(Welcome to The Quarantine Stream, a new series where the /Film team shares what they’ve been watching while social distancing during the COVID-19 pandemic.)
The Specials: New in Town, The Comeback Kid, and Kid Gorgeous (in that order)
Where You Can Stream Them: Netflix
The Pitch: John Mulaney is a former writer at Saturday Night Live, co-creator of Bill Hader’s beloved recurring character Stefon, consulting producer and co-star of Big Mouth, and executive producer, writer, and occasional star of Documentary Now! on IFC. Those are all great works of comedy, but when John Mulaney is at his absolute best, it’s on stage by himself with a microphone in his hand doing some of the best stand-up comedy you’ve ever heard.
Why They’re Essential Viewing: John Mulaney’s view on life is one that is full of quirks in the best way possible, but not in such a way that he feels like a walking Portland coffee shop or some kind of alternative comedian really trying to mess with the formula of stand-up comedy. Like the best stand-up comedians from over the years, it’s his unique perspective on life and relationships, observations on pop culture and society at large, and reflections on his childhood that make him stand out.
With New in Town, Mulaney is at his most random. The set doesn’t feel quite as polished or seamless as the two specials that follow, but it’s full of great small bits that are instantly quotable and raucously hilarious. Mulaney’s topics range from his desire to experience the height of luxury that was having pizza in a limousine in Home Alone 2: Lost in New York, dealing with Delta Airlines, being babysat by the equivalent of a horse, getting called a lady while trying to get a copy of Addams Family Values, and much more. And when you hear where the title of the special comes from, you’ll never forget it.
Moving onto The Comeback Kid, Mulaney does much more storytelling than his first stand-up effort. He digs more into his personal life with his wife, his younger years, and ends with a great closing anecdote about meeting Bill Clinton. He still takes some gutbusting detours talking about Back to the Future and a random turn into The Fugitive, but this special feels less like a collection of jokes, and more like Mulaney candidly talking about his life in the most funny fashion.
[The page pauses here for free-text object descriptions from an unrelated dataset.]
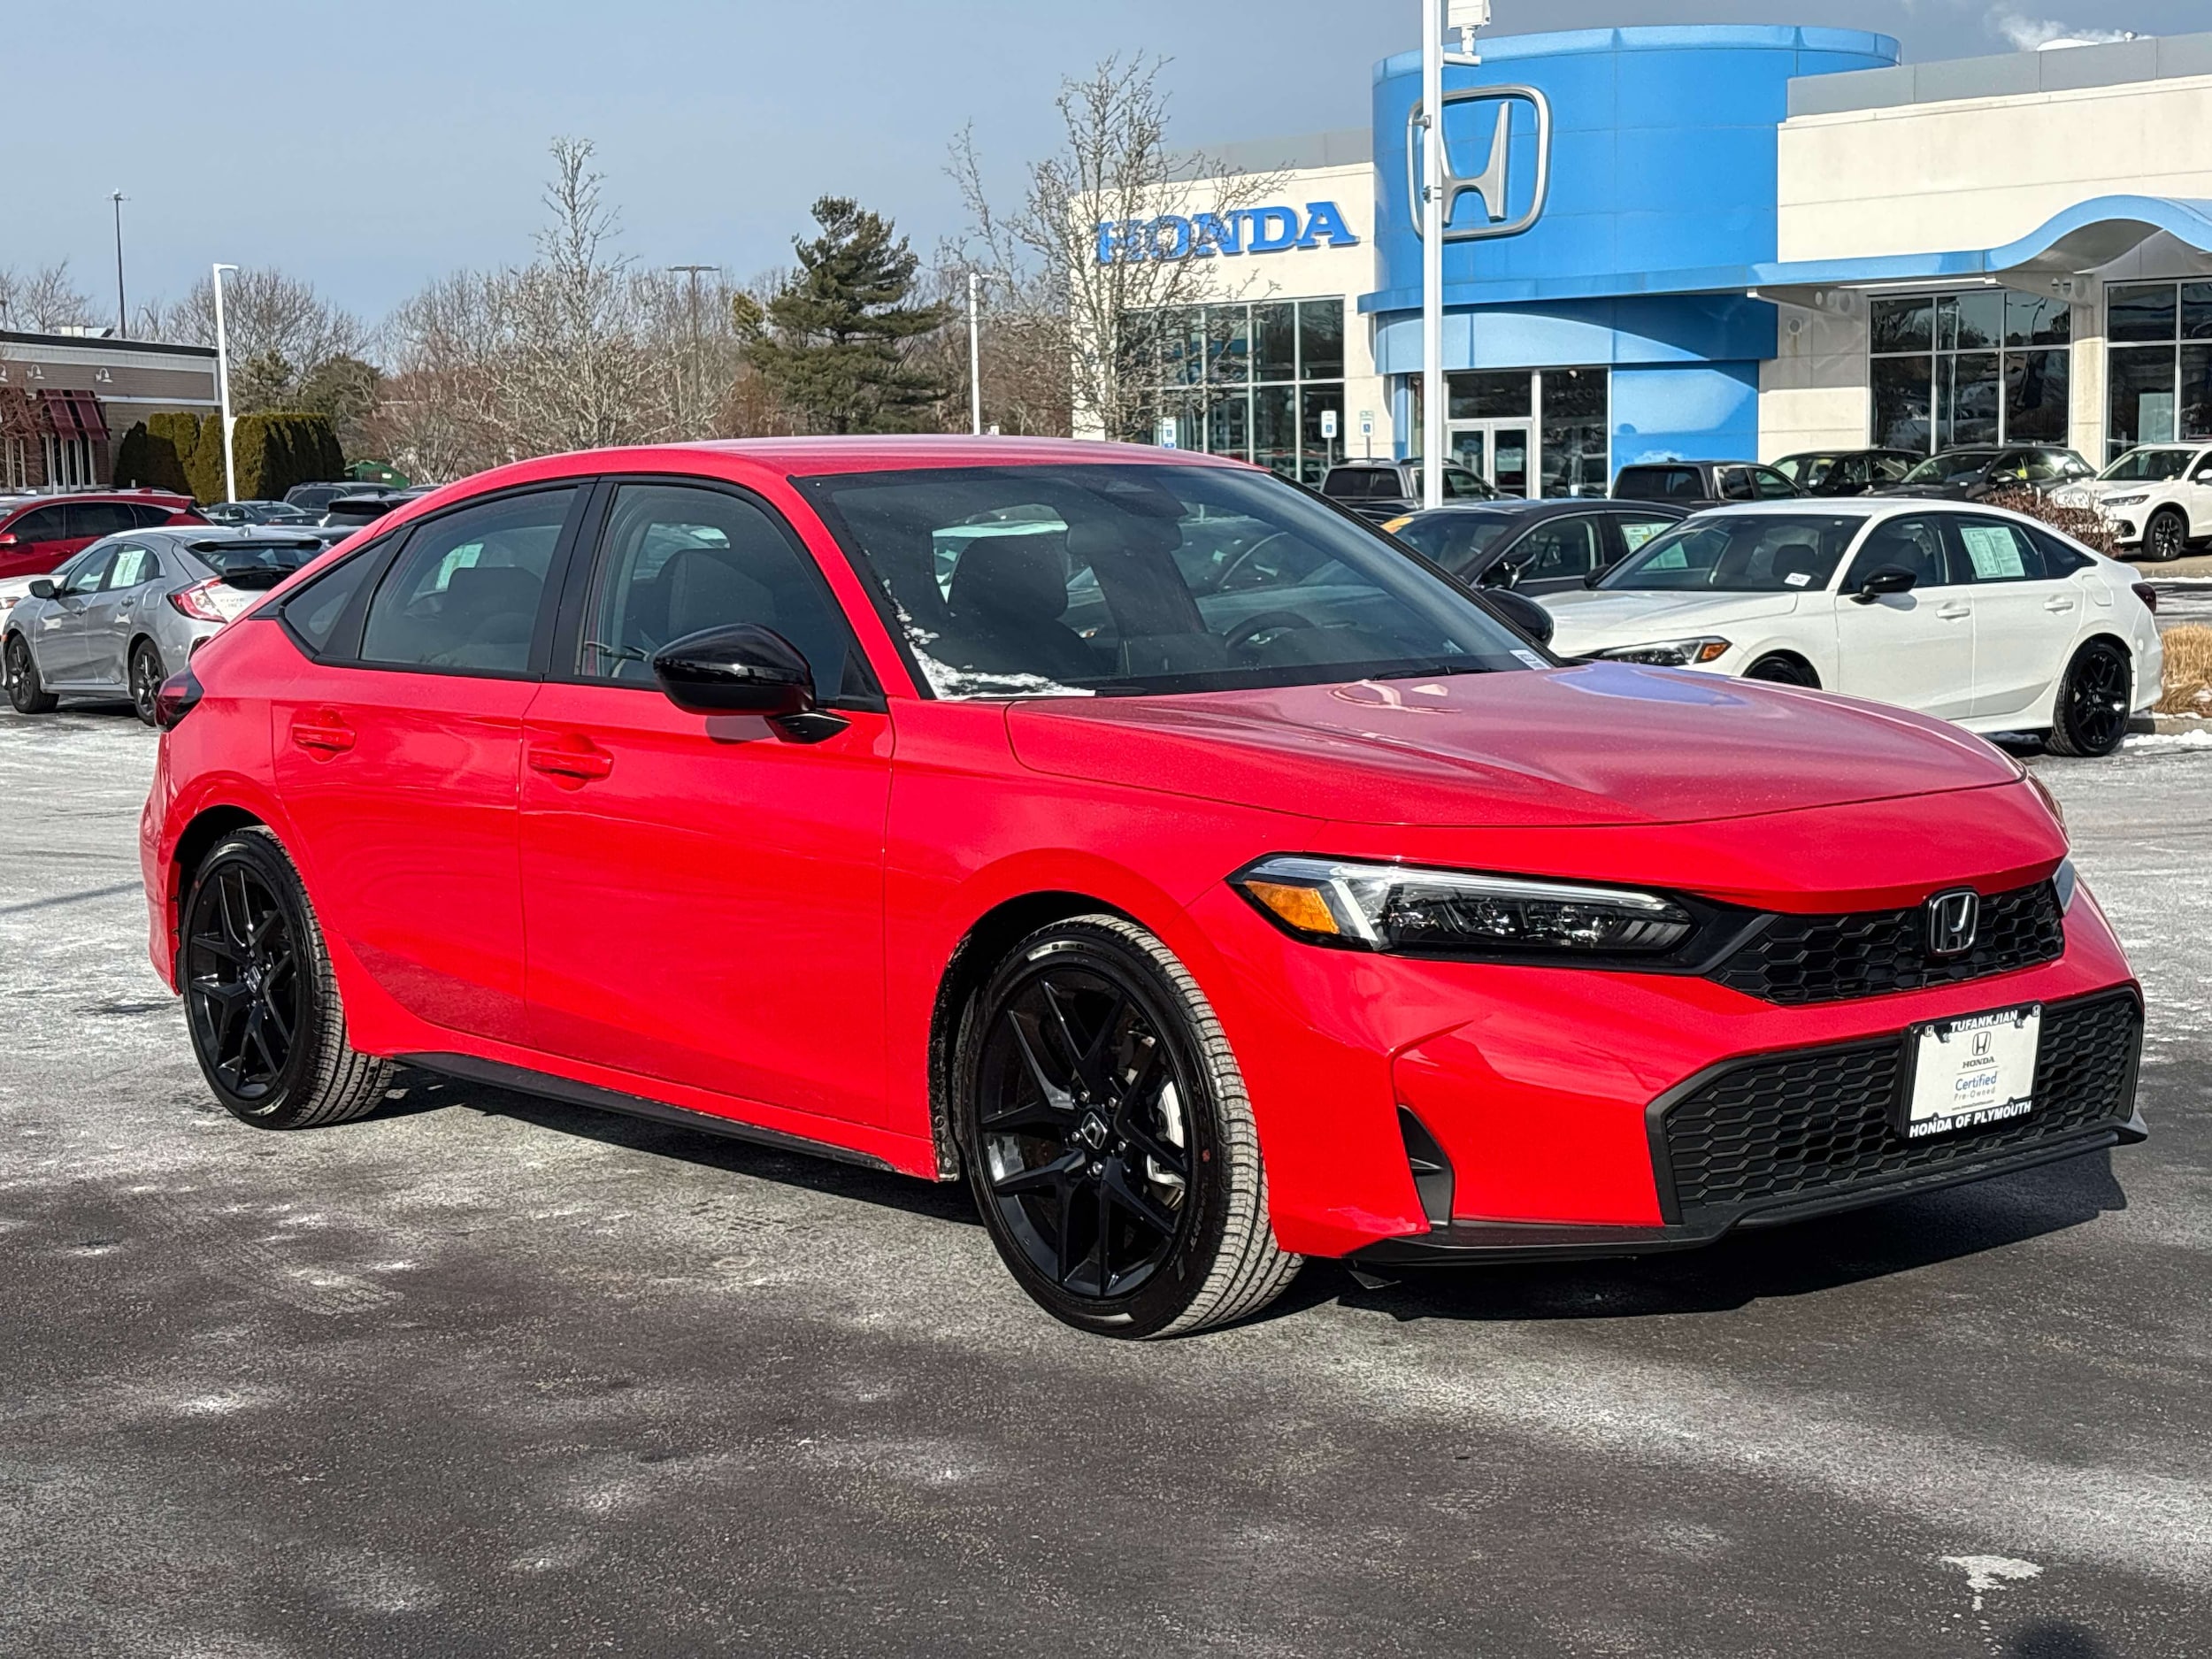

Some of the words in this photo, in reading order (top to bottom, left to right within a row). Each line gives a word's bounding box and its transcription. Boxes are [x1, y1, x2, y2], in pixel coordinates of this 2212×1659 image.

[1097, 201, 1360, 264] HONDA
[1950, 1010, 2018, 1033] TUFANKJIAN
[1962, 1056, 1995, 1069] HONDA
[1955, 1072, 1997, 1091] Certified
[1909, 1116, 1953, 1138] HONDA
[1955, 1113, 1972, 1129] OF
[1973, 1101, 2032, 1125] PLYMOUTH
Finally, in Kid Gorgeous, Mulaney takes the best of both worlds from his previous two stand-up specials and does an eclectic mix of personal stories from his life. Easily the most memorable segment is his recollection of school assemblies with an unforgettable Chicago detective named J.J. Bittenbinder, who would scare the hell out of kids with “Stranger Danger” warnings and self-defense tactics that he likes to call “Street Smarts!” But Mulaney also delves into his tenure at Saturday Night Live while trying to write sketches for Mick Jagger, as well as talking about his Instagram-famous dog Petunia. There’s even an incredible bit about the presidency of Donald Trump, which he pulls off without ever mentioning him by name. It’s some of the most brilliant comedy ever done about the orange-in-chief.
John Mulaney is one of the finest comedians working today, bringing an old soul kind of approach to comedy with modern comedic timing and sensibilities. He’s never afraid to get a little too weird for general audiences, and he’s clearly doing things that make him laugh the most instead of pandering to a crowd like some blockbuster-level comedians are known to do. Mulaney is unflinchingly himself, and that makes for the best kind of stand-up.
Once you’re done with those, you may want to give John Mulaney and the Sack Lunch Bunch and Oh, Hello! a shot, both on Netflix too but those are much different from the stand-up stylings of John Mulaney, even if they have some of his signature oddball comedy throughout.